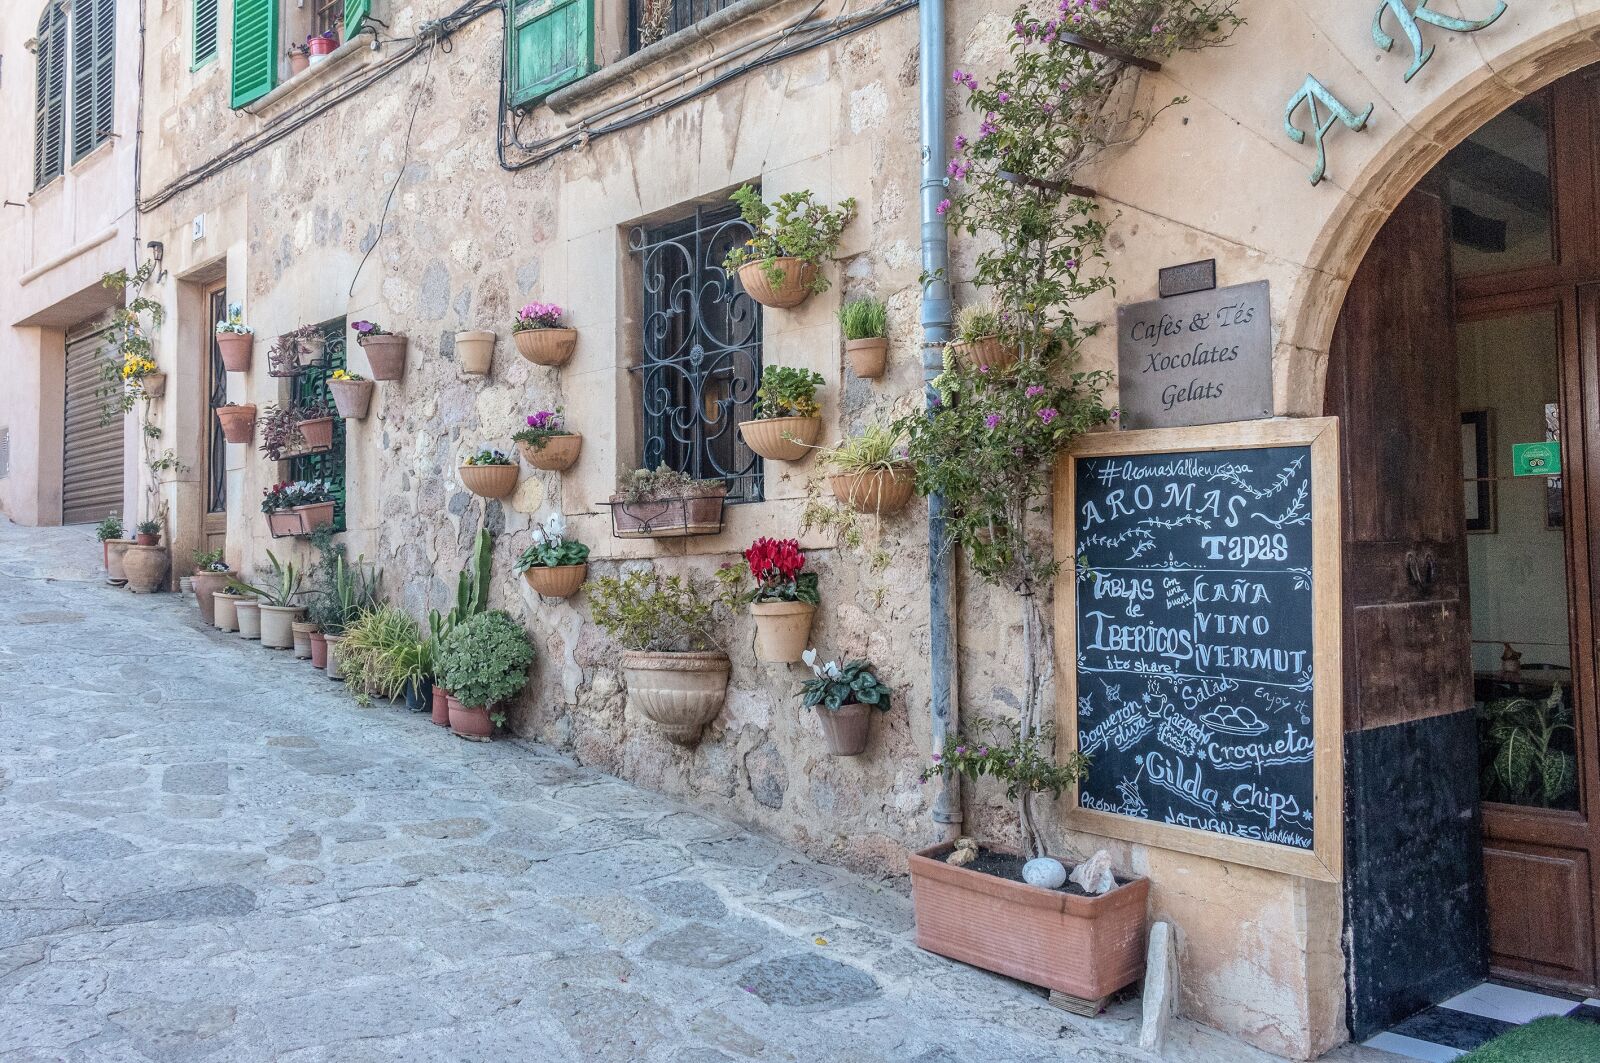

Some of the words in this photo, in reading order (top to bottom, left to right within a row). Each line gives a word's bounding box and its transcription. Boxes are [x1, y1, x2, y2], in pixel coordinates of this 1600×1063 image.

[1189, 312, 1210, 332] &
[1217, 303, 1255, 327] Tés
[1142, 343, 1240, 373] Xocolates
[1161, 378, 1224, 411] Gelats
[1082, 483, 1247, 530] AROMAS
[1201, 533, 1288, 567] Tapas
[1166, 585, 1186, 597] una
[1196, 579, 1271, 604] CAÑA
[1125, 598, 1144, 617] de
[1194, 612, 1269, 635] VINO
[1134, 658, 1180, 674] share!
[1195, 643, 1306, 674] VERMUT
[1182, 673, 1239, 710] Salads
[1254, 687, 1291, 714] Enjoy
[1295, 700, 1308, 714] it
[1114, 717, 1153, 746] oliva
[1146, 751, 1219, 807] Gilda
[1232, 783, 1300, 829] Chips
[1164, 806, 1262, 840] NATURALES
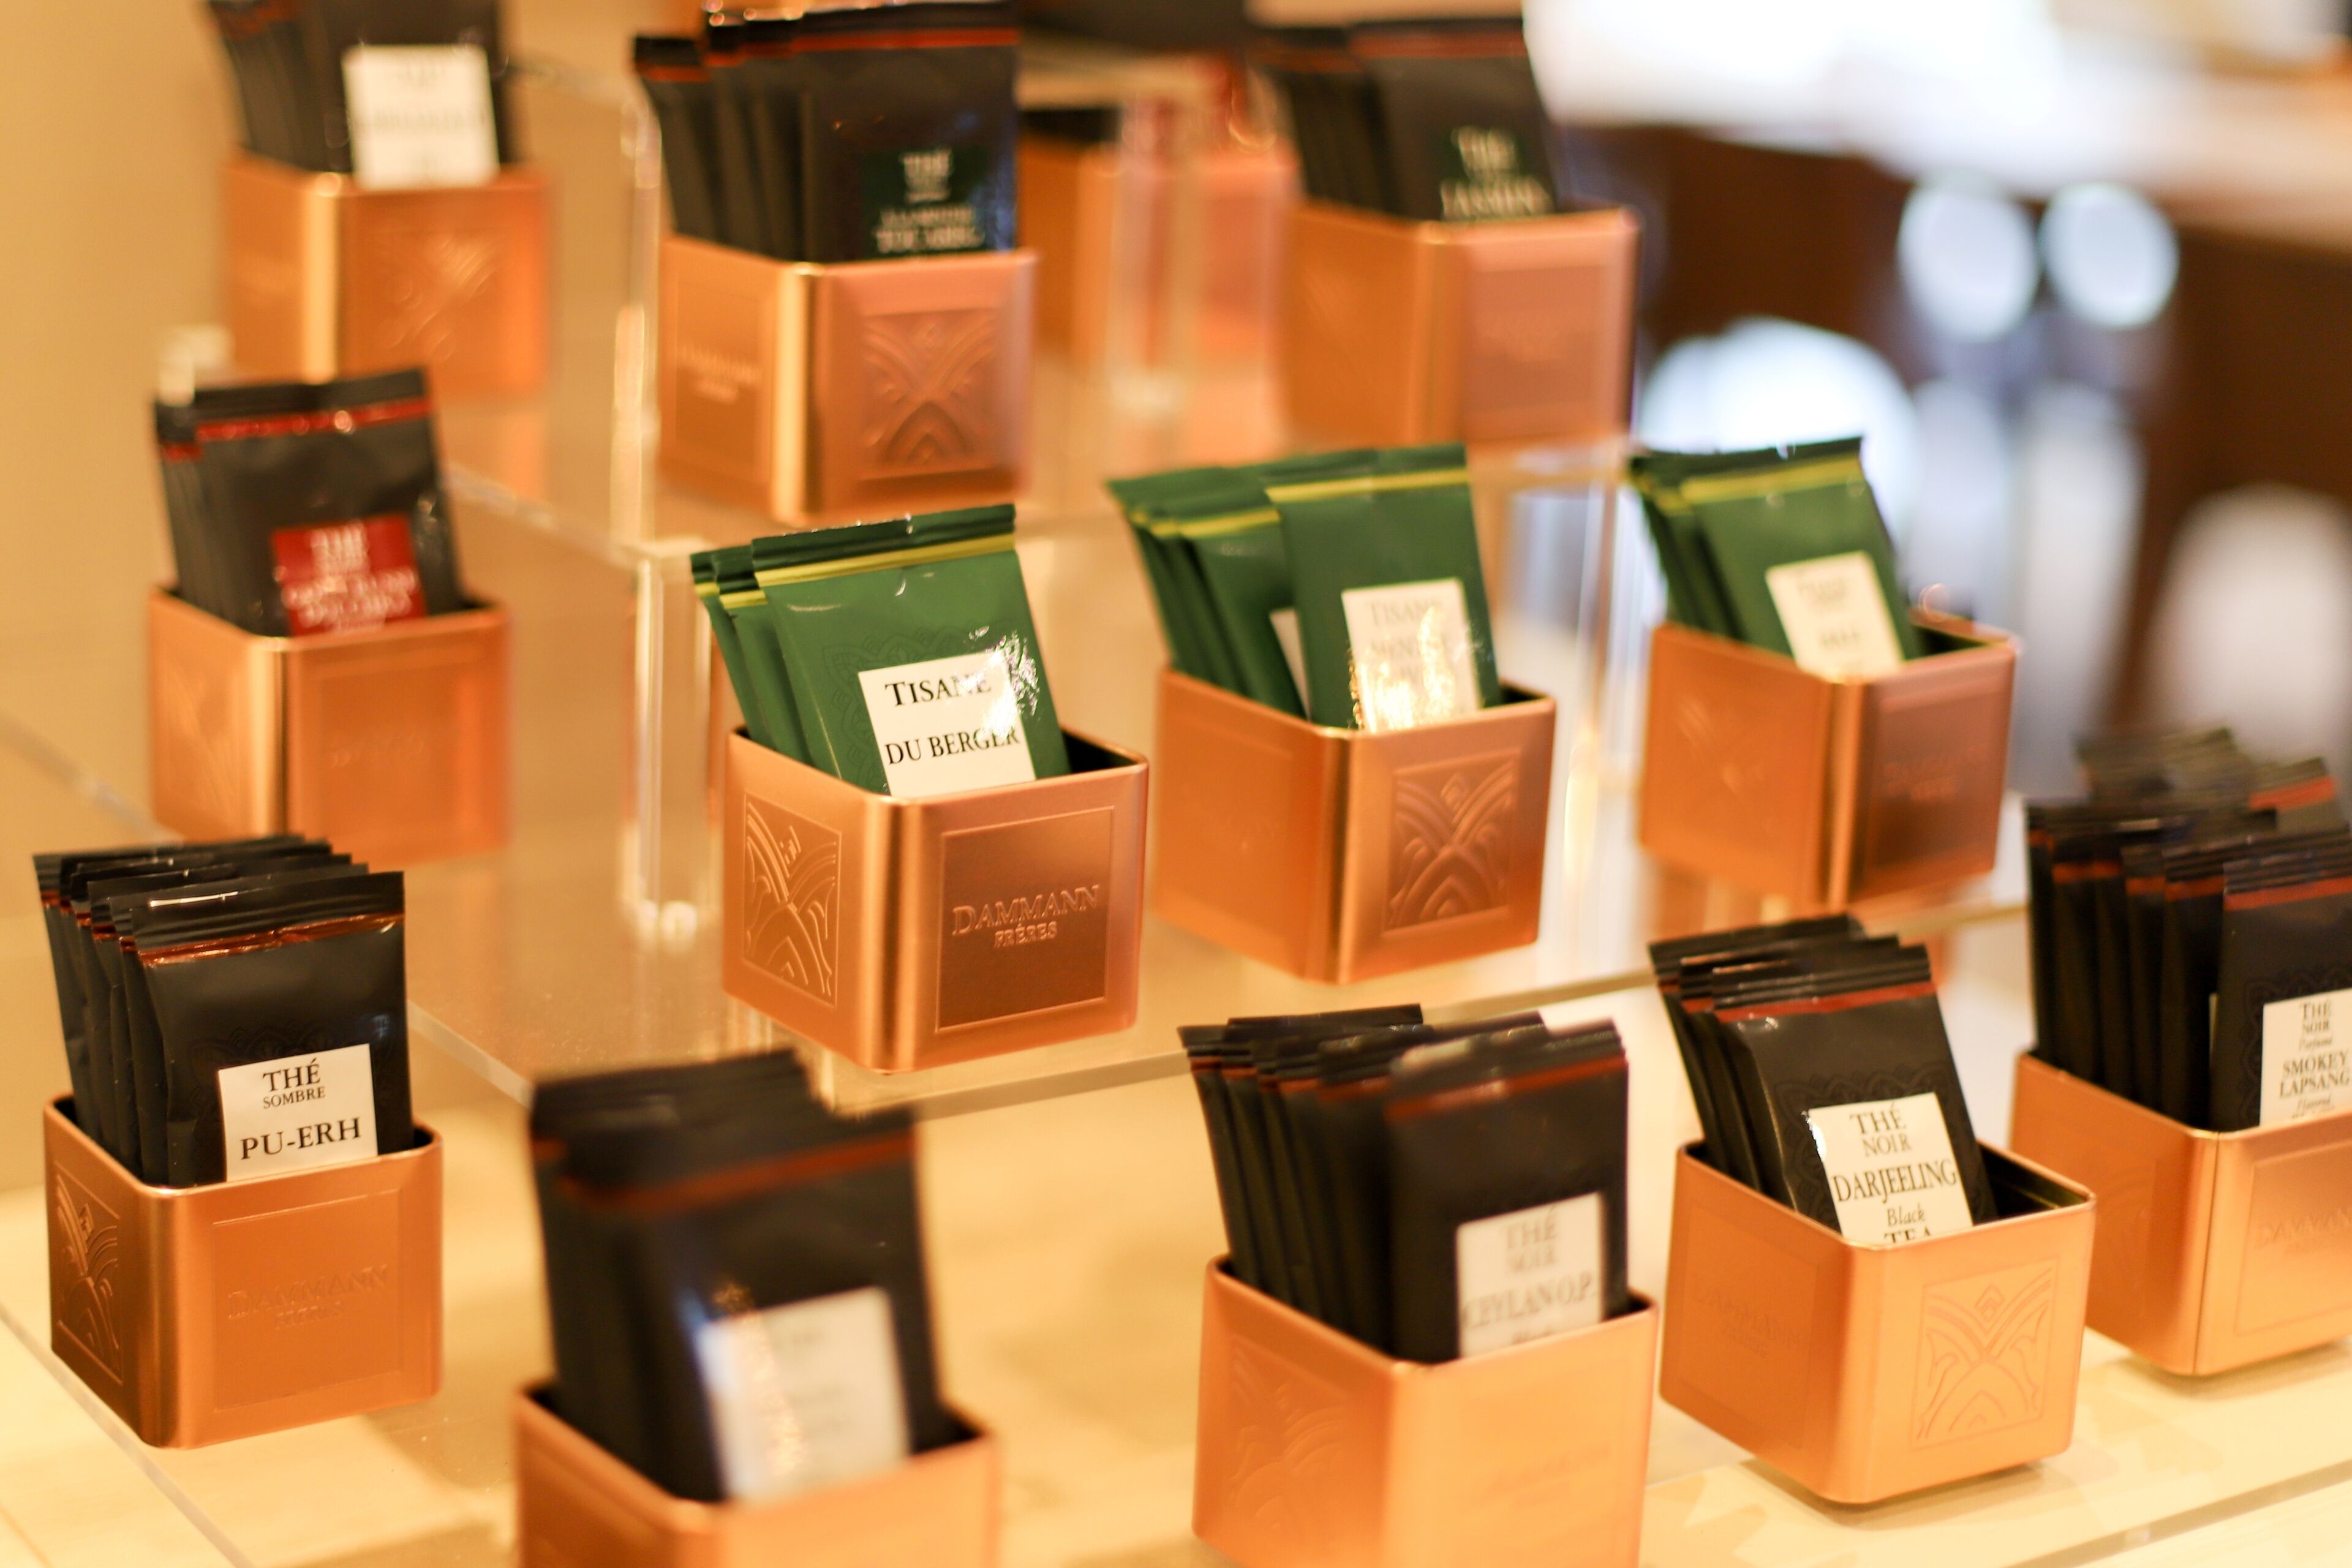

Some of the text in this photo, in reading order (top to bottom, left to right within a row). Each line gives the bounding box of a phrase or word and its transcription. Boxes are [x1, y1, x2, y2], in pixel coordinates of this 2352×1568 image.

[884, 726, 1021, 765] DU BERGER
[952, 884, 1100, 936] DAMMANN
[262, 1057, 321, 1092] THÉ
[2282, 1049, 2348, 1078] SMOKEY
[263, 1086, 326, 1109] SOMBRE
[2278, 1069, 2351, 1099] LAPSANG
[1850, 1102, 1905, 1134] THÉ
[240, 1117, 363, 1160] PU-ERH
[1862, 1134, 1912, 1156] NOIR
[1832, 1159, 1957, 1204] DARJEELING
[1887, 1202, 1925, 1227] Black
[227, 1263, 388, 1321] DAMMANN
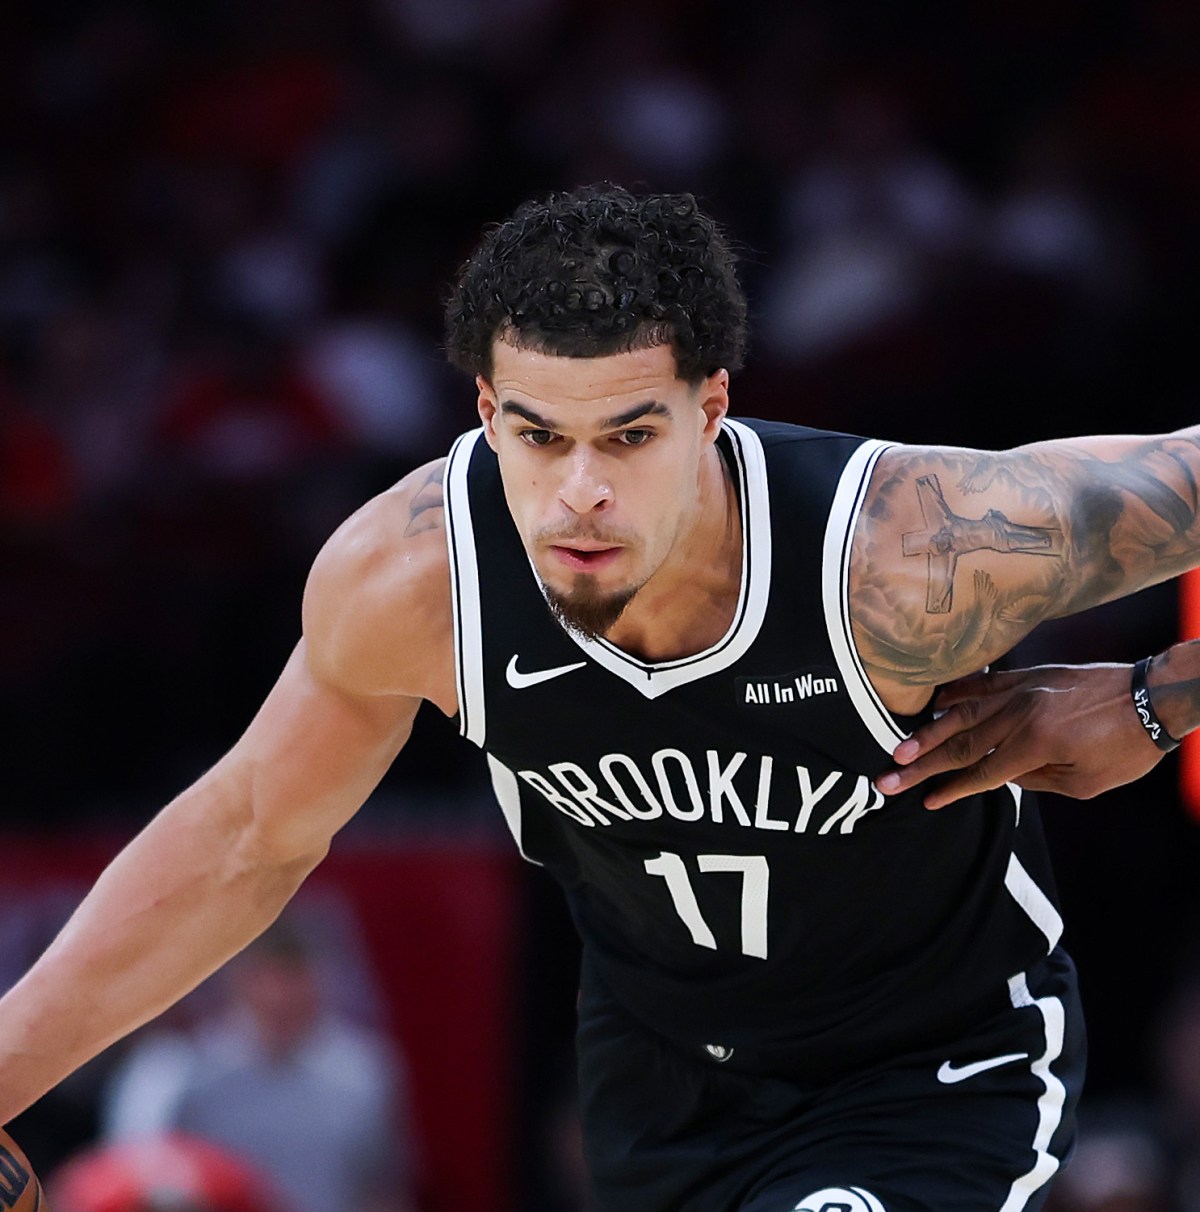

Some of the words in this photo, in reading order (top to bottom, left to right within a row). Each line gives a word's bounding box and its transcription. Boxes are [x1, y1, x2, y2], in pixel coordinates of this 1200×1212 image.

[745, 683, 770, 704] All
[774, 683, 794, 704] In
[795, 673, 838, 700] Won
[518, 748, 885, 835] BROOKLYN
[643, 851, 770, 960] 17
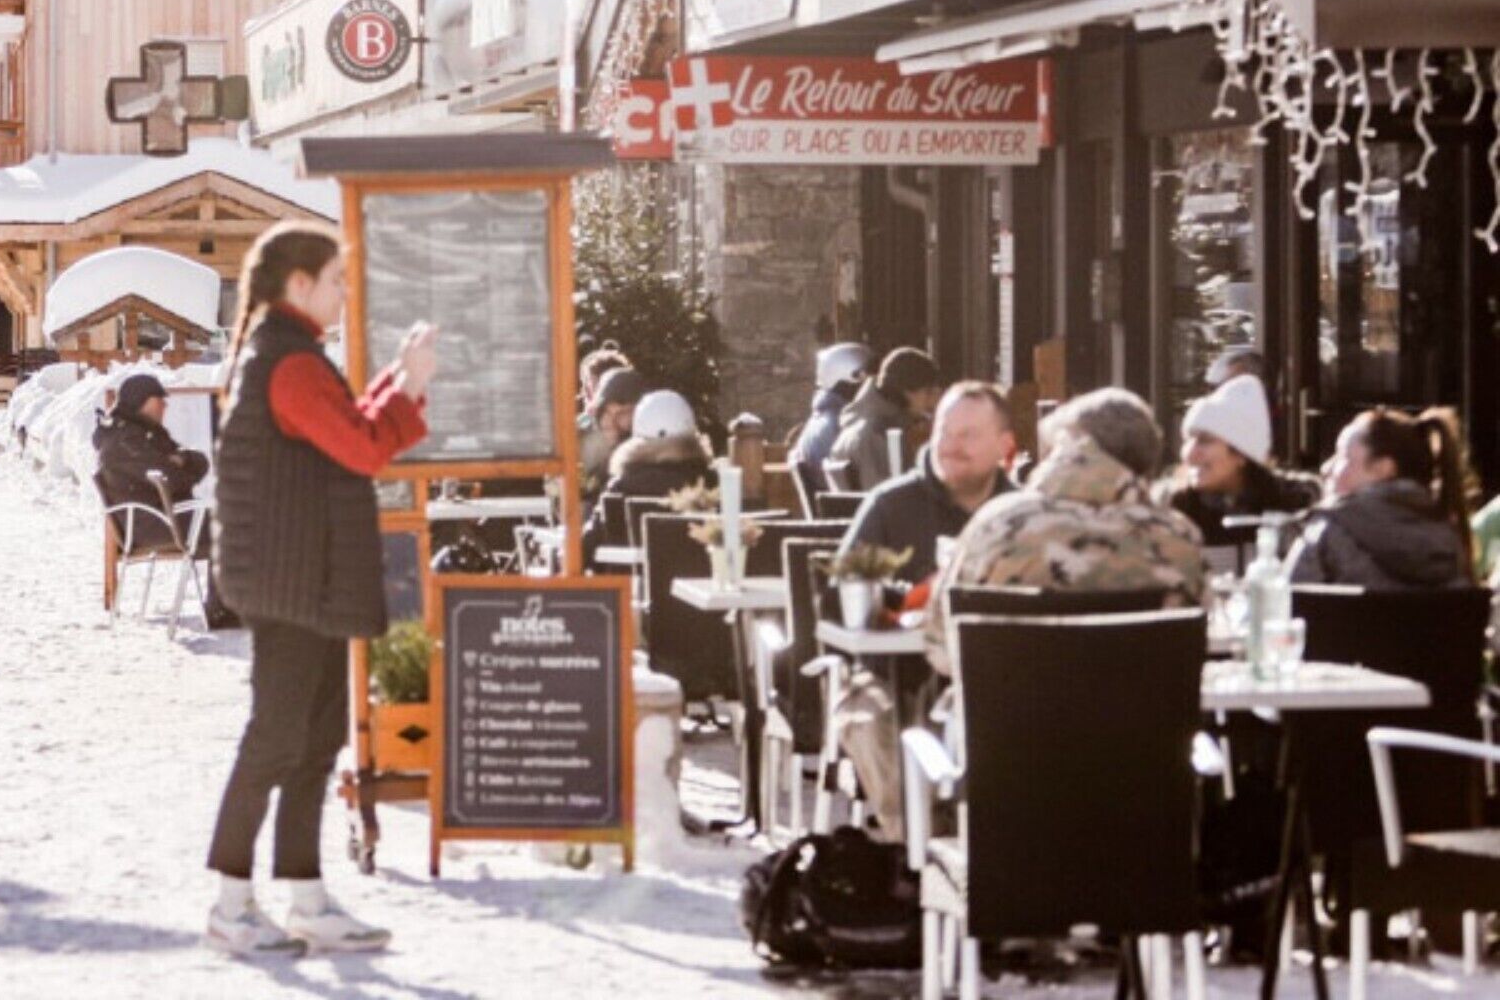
----------
> **What the task asks**: Above is a listing with pictures. Write it out exactly without them.

> **Solution to the problem**:
Some of the words in this photo, in reading order (top to bottom, left to right within a row). Each line gives a word's bounding box and its transcription. Boxes are [x1, y1, x2, y2], in pixel coordinates of this 1600×1063 image.

[1189, 312, 1210, 332] &
[1217, 303, 1255, 327] Tés
[1142, 343, 1240, 373] Xocolates
[1161, 378, 1224, 411] Gelats
[1082, 483, 1247, 530] AROMAS
[1201, 533, 1288, 567] Tapas
[1166, 585, 1186, 597] una
[1196, 579, 1271, 604] CAÑA
[1125, 598, 1144, 617] de
[1194, 612, 1269, 635] VINO
[1134, 658, 1180, 674] share!
[1195, 643, 1306, 674] VERMUT
[1182, 673, 1239, 710] Salads
[1254, 687, 1291, 714] Enjoy
[1295, 700, 1308, 714] it
[1114, 717, 1153, 746] oliva
[1146, 751, 1219, 807] Gilda
[1232, 783, 1300, 829] Chips
[1164, 806, 1262, 840] NATURALES

Some of the text in this photo, in reading order (top to bottom, left to right within a row). Each line gives the bounding box of a phrase or word and its transcription. Boxes are [x1, y1, x2, y2], in pixel coordinates of this 2352×1568 image.

[884, 726, 1021, 765] DU BERGER
[952, 884, 1100, 936] DAMMANN
[262, 1057, 321, 1092] THÉ
[2282, 1049, 2348, 1078] SMOKEY
[263, 1086, 326, 1109] SOMBRE
[2278, 1069, 2351, 1099] LAPSANG
[1850, 1102, 1905, 1134] THÉ
[240, 1117, 363, 1160] PU-ERH
[1862, 1134, 1912, 1156] NOIR
[1832, 1159, 1957, 1204] DARJEELING
[1887, 1202, 1925, 1227] Black
[227, 1263, 388, 1321] DAMMANN

Some of the words in this photo, in reading order (top to bottom, left to right within a row). Each line gives a word's bounding box and its transcription. Boxes are [x1, y1, x2, y2], in pixel coordinates of this 1200×1212 image.

[745, 683, 770, 704] All
[774, 683, 794, 704] In
[795, 673, 838, 700] Won
[518, 748, 885, 835] BROOKLYN
[643, 851, 770, 960] 17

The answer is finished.